Jimmy Zheng was in the 10th grade when he decided to try to pay his own way through college and beyond.

His mother, who worked as a grocery store clerk, had recently fallen from a ladder, and was forced to give up her job after a hospital stay. Though his father continued to put in long hours for his online leather goods business, the return was modest -- not the dream they had hoped to achieve when they immigrated from China to California.

"I realized they were working really hard, but they were not really succeeding in the way they thought they would, coming here to America," Zheng told me. "That moment was really critical for me to realize, I'm actually going to need to do some work to lift up this family, moving forward."

Scholarships and multiple jobs helped Zheng pay for college; and after graduating, he took a consulting position to continue supporting himself. He dreamed of becoming a doctor, but thought he'd have to delay a few years because of the cost. Stanford Medicine worked with him to provide an option he could afford, and he's now in his second year of medical school.

"The financial aid made a difference in terms of the timeline of my trajectory and my career path," Zheng said. "To me, that's everything, because the earlier I can go into medicine, the earlier I can start living my dream and my passion -- and also support myself and my family."

Stanford medical student Jimmy Zheng aspires to care for the medically underserved.

His words resonated with me and my colleagues, as we worked on #WeAreStanfordMed, a series of videos exploring how financial assistance impacts Stanford Medicine students. We wanted to tell the stories of those who have benefitted from scholarships and programs that defray the costs of medical school.

Many fall into this category. During the past academic year, more than two-thirds of Stanford medical students received some form of financial aid, and the median debt for last year's graduating class -- just over $89,000 -- was significantly less than the national median of $200,000 reported by the Association of American Medical Colleges.

This is no coincidence: Stanford Medicine leaders have long worked to address the rising cost of medical education, including through an ongoing mission to reduce graduating debt. Last week, the school reached a milestone in that journey, announcing a $90 million program that will eliminate medical school debt for students with the most need.

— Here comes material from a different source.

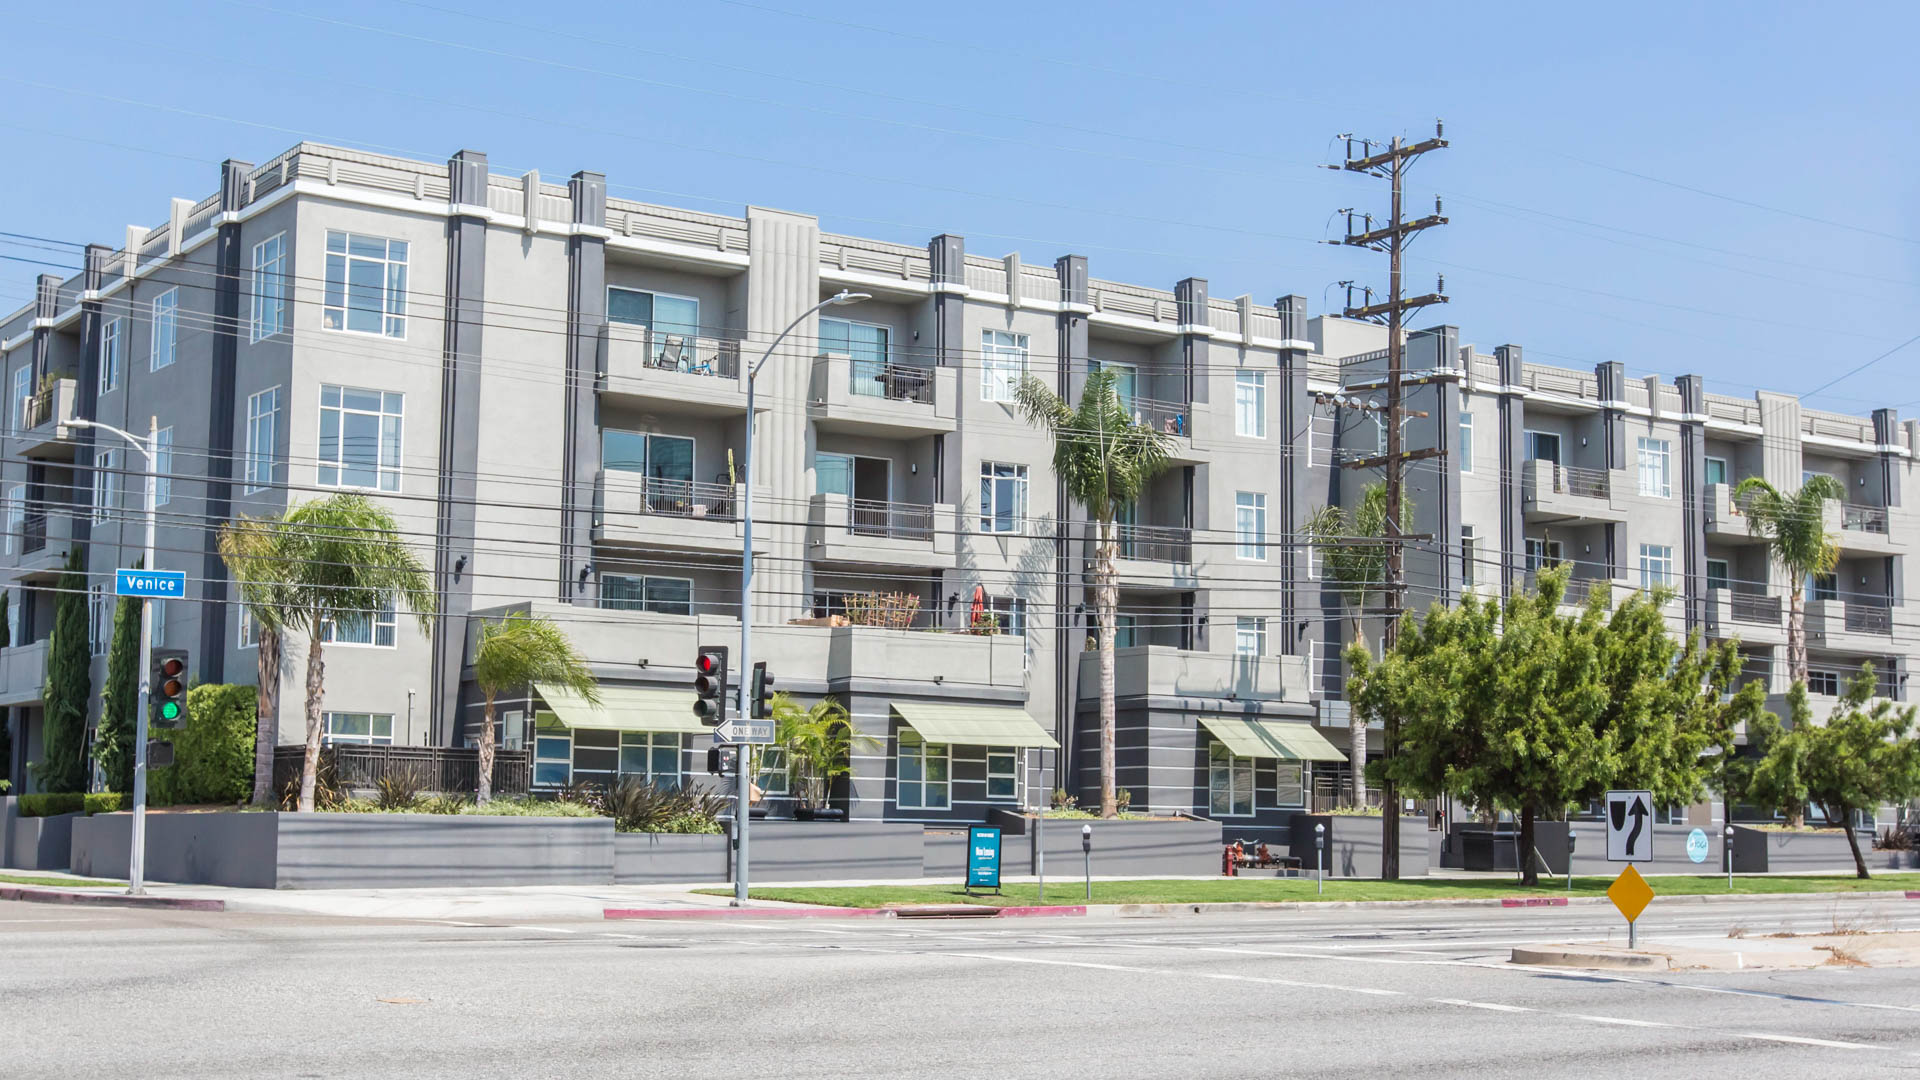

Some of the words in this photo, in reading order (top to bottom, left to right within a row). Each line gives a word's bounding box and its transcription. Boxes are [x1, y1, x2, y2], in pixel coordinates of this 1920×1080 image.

[127, 576, 175, 590] Venice
[732, 726, 749, 736] ONE
[751, 727, 768, 736] WAY

Removing financial barriers can make a big difference for promising young physicians-in-training, as we learned from Zheng and the other students in our videos.

Zheng told us that his aid means he doesn't have to work side jobs, like he did in college, and he can focus on his studies and an array of related activities. In his first year of medical school, he worked on machine-learning research to automate detection and classification of certain diseases and conditions. He also was a student leader in a public health effort to get flu vaccines to underserved communities, and he mentored high school students interested in science and medicine.

Jimmy Zheng and his parents
Jimmy Zheng with his parents Tina and Perry.

Zheng said that his strong sense of service comes from his parents. Inspired by them and his volunteer work at a homeless clinic, he envisions a career in primary care, working with the medically underserved. The decision will be easier because he knows he'll have minimal debt from medical school, Zheng said.

"Something about working with people who have been overlooked by society, people who are struggling and don't have the resources to thrive -- that reminded me a lot of immigrant populations, of people I came from," Zheng told me, my colleague Margarita Gallardo and videographer Kevin German during filming.

Seeing him with his parents -- casually joking with them, draping his arms protectively around their shoulders -- touched our hearts. Learning his story -- and those of the four other students -- inspired us and made us feel proud to be part of an institution that is ensuring the next generation of physicians reflects the diversity of the communities they serve.

#WeAreStanfordMed is a video series spotlighting Stanford medical students and the impact of financial assistance on their education and aspirations.